Why go: This cozy spot is just as good for a weeknight dinner as a late Saturday night drink at the bar. In addition to neighborhood residents and the city’s foodie set, it’s a place where industry professionals eat and drink when they’re not on the clock. Must orders include the pan-fried rabbit “wings,” lamb tartare and the namesake Nancy Cakes with house-made whipped butter and roe.
What is it: Housed between industrial buildings and artists’ lofts, the tiny 31-seat restaurant offers a unique dining experience focused on well executed plates made with local, seasonal ingredients alongside one of the city’s most interesting wine lists.
Why go: The menu changes often based on seasonality and availability of local farm offerings, so the food is always fresh and innovative. Because of the limited space, it’s best for those dining in pairs, as the restaurant’s single large table seats 5-6 people and reservations go quickly. No reservation? Call the restaurant for estimated wait times, as they keep tables open for walk-ins.
What is it: Sometimes, you want to be wowed in an intimate fine dining setting. Some other times, you want to wear jeans and enjoy a chef-driven entrée without the fuss. The Pass and Provisions was designed to provide both experiences under a single roof, with intricately presented dinner tasting menus at The Pass and à la carte options for brunch, lunch and dinner at Provisions.
Why go: For those looking for a fine dining experience, the $65 five-course tasting menu (sans drink pairings) at the Pass is hard to beat for style and price. Provisions is a great place to take larger groups for dinner, as the wide-ranging menu will include something for everyone, including pizzas cooked in the restaurant's large wood-burning oven.
Price: Pricey to blowout
What is it: The authentic Mexican restaurant that bears chef Hugo Ortega’s name is a Montrose mainstay that continues to wow on a national scale. Housed in a redone historical building, the Latin-inspired interior pays homage to Ortega’s traditional Mexico while simultaneously boasting a contemporary and upscale fine dining feel.

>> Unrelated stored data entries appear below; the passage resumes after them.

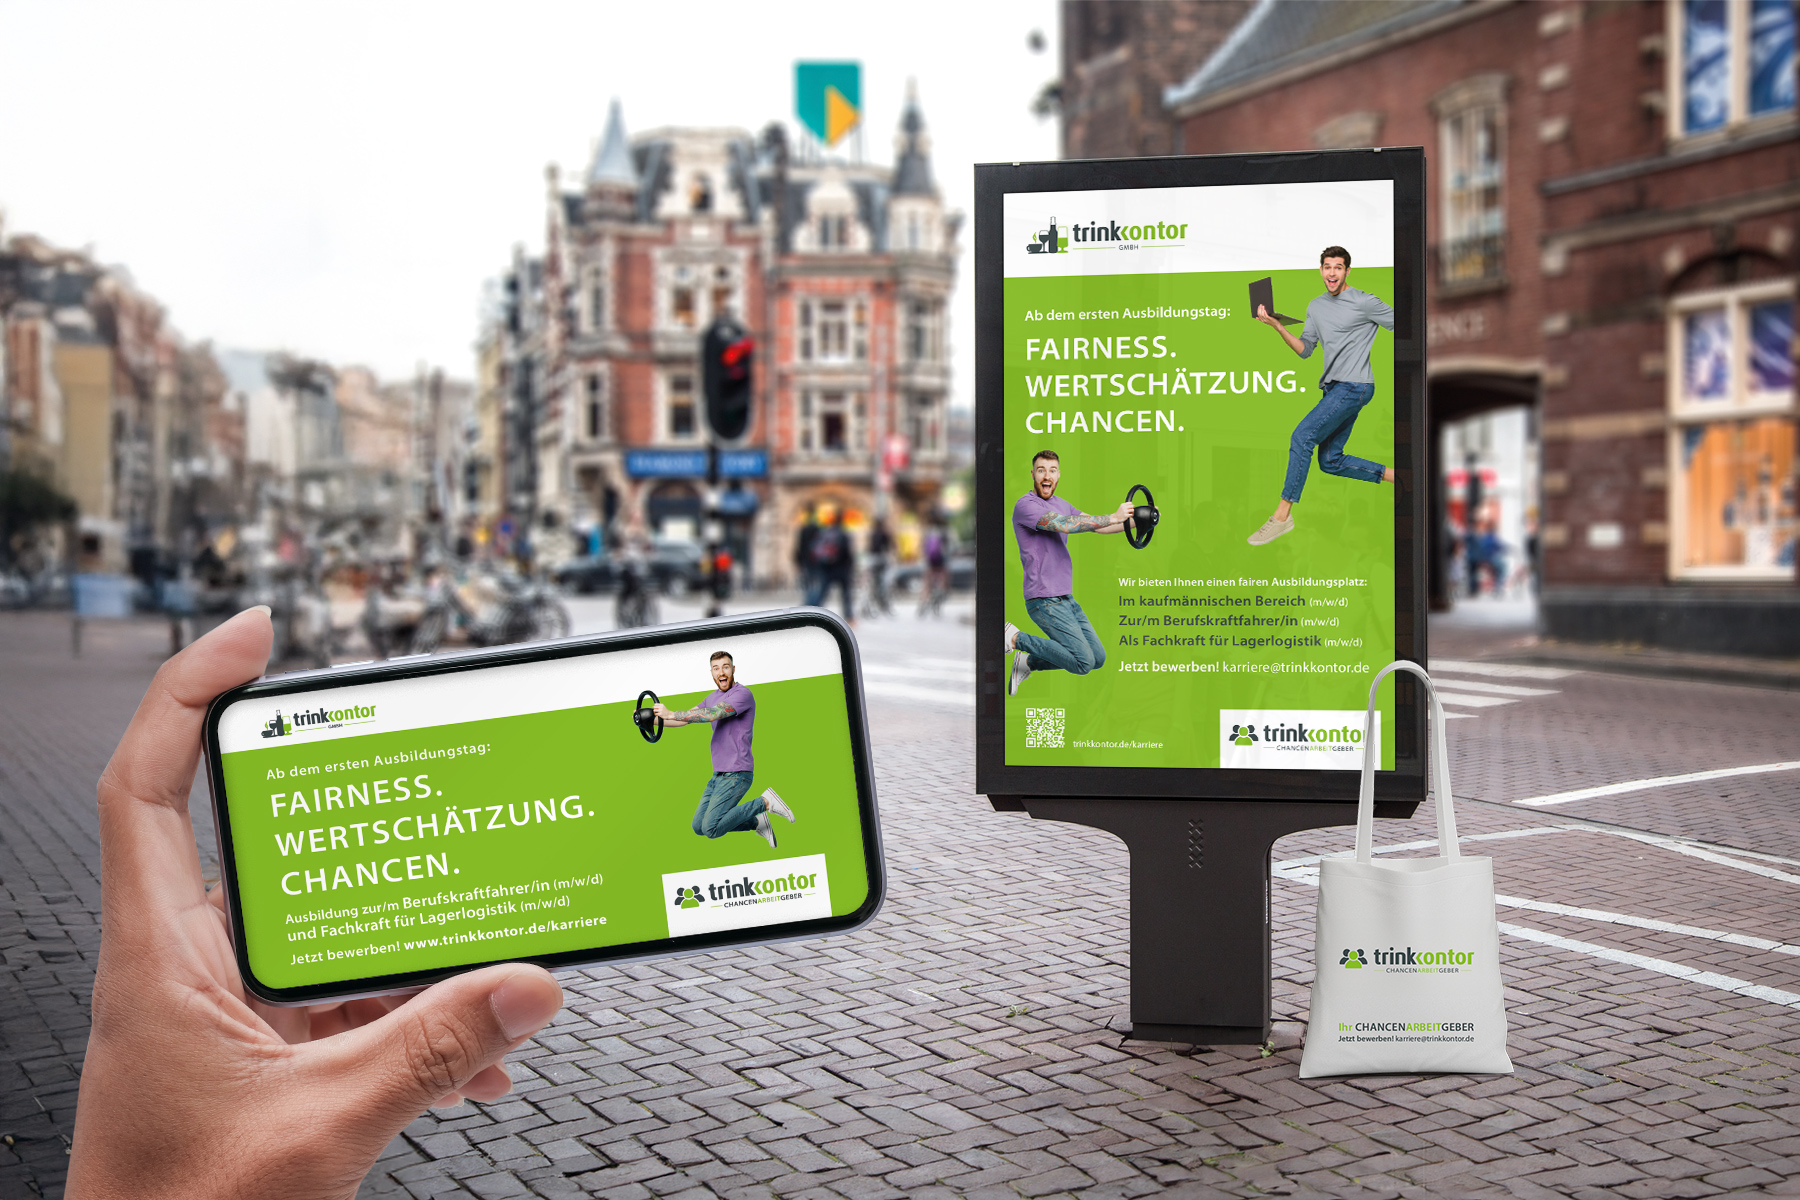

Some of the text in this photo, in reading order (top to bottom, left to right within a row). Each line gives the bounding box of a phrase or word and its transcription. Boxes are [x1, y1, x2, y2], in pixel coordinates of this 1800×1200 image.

[1072, 220, 1189, 243] trinkkontor
[1024, 305, 1231, 322] Ab dem ersten Ausbildungstag:
[1026, 335, 1177, 361] FAIRNESS.
[1024, 367, 1306, 398] WERTSCHÄTZUNG.
[1025, 409, 1185, 434] CHANCEN.
[1118, 577, 1368, 589] Wir bieten Ihnen einen fairen Ausbildungsplatz:
[1119, 594, 1349, 608] Im kaufmännischen Bereich (m/w/d)
[1118, 614, 1340, 627] Zur/m Berufskraftfahrer/in (m/w/d)
[1118, 634, 1363, 650] Als Fachkraft für Lagerlogistik (m/w/d)
[1118, 660, 1370, 674] Jetzt bewerben! karriere@trinkkontor.de
[293, 705, 376, 728] trinkkontor
[1072, 739, 1164, 749] trinkkontor.de/karriere
[1263, 723, 1365, 743] trinkkonto
[266, 743, 491, 781] Ab dem ersten Ausbildungstag:
[270, 774, 443, 818] FAIRNESS.
[274, 794, 595, 857] WERTSCHÄTZUNG.
[281, 852, 460, 896] CHANCEN.
[708, 873, 817, 901] trinkkontor
[285, 873, 604, 925] Ausbildung zur/m Berufskraftfahrer/in (m/w/d)
[723, 893, 803, 908] CHANCENARBEITGEBER
[287, 895, 570, 942] und Fachkraft für Lagerlogistik (m/w/d)
[290, 916, 607, 966] Jetzt bewerben! www.trinkkontor.de/karriere
[1373, 947, 1475, 965] trinkkontor
[1338, 1022, 1474, 1032] Ihr CHANCENARBEITGEBER
[1395, 1035, 1475, 1043] karriere@trinkkontor.de
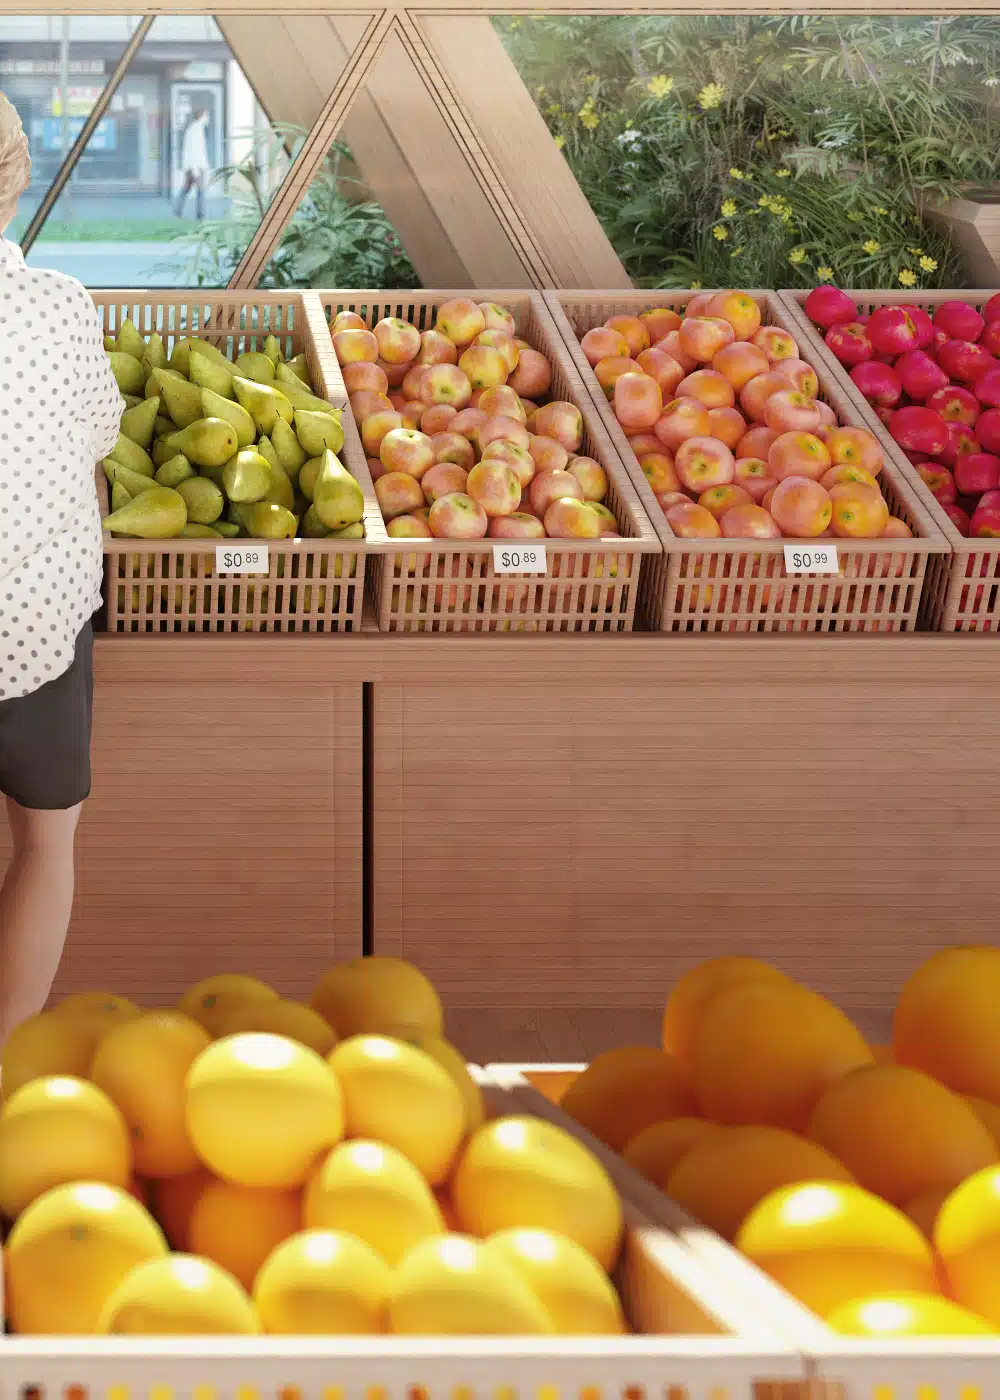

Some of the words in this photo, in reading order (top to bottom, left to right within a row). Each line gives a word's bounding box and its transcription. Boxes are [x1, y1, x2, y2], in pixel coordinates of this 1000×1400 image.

Why go: The menu offers scratch-made dishes in a traditional style from many regions of Mexico, along with an extensive tequila menu and excellent cocktail list. While dinner service is always a good idea, the Sunday brunch buffet offers the best bang for your buck at $35 per person. Dessert and cocktails are included, and diners eat and drink to the sounds of live music provided by house band Viento.
What is it: Nothing says Houston like spicy Viet Cajun-style crawfish, and this Asiatown staple introduced the dish to hungry residents before Andrew Zimmern’s Bizarre Foods and David Chang’s Ugly Delicious brought the larger world’s attention to chef Truong Nguyen, who earned a James Beard semi-finalist nod in 2018.
Why go: During crawfish season, it’s criminal not to order the namesake dish, a stir-fried buttery garlic delicacy with just the right amount of spice. Other worthy dishes include stir-fried blue crab, chicken wings and bo luc lac, a stir-fried beef with rice dish. No need to dress up for this casual West Houston spot; just take a group for maximum ordering capacity.
What is it: The city is known for reinventing itself when necessary, and chef Chris Shepherd epitomizes this in his high-end Montrose restaurant One Fifth. Built around a rotating concept that will terminate in a total of five years, the restaurant pivots annually to a completely new theme and menu focus. Previous iterations include a steakhouse and a focus on French/Spanish/Italian cuisines.
Why go: The limited time period for each concept is intriguing enough to warrant a visit but the restaurant wouldn’t survive if the food and beverage program wasn’t as stellar as the founding idea. Often a fine-dining celebration spot for birthdays and anniversaries, an excellent happy hour program offers a good deal for those that want a taste of the concept without the expensive investment.
Price: Pricey to blowout
What is it: Pronounced like the word "win" with a subtle h at the beginning, this family-owned restaurant offers a variety of delicious dishes inspired by food from the owners’ hometown of Quang Ngai in Central Vietnam.
Why go: There are lots of Vietnamese places to choose from in Houston, but the friendly staff and cozy family environment make Huynh stand out. The staff helpfully guides patrons in their ordering, especially those unfamiliar with the menu offerings. Ask about the bun bo hue and drink a salty lemon soda called soda chanh muoi.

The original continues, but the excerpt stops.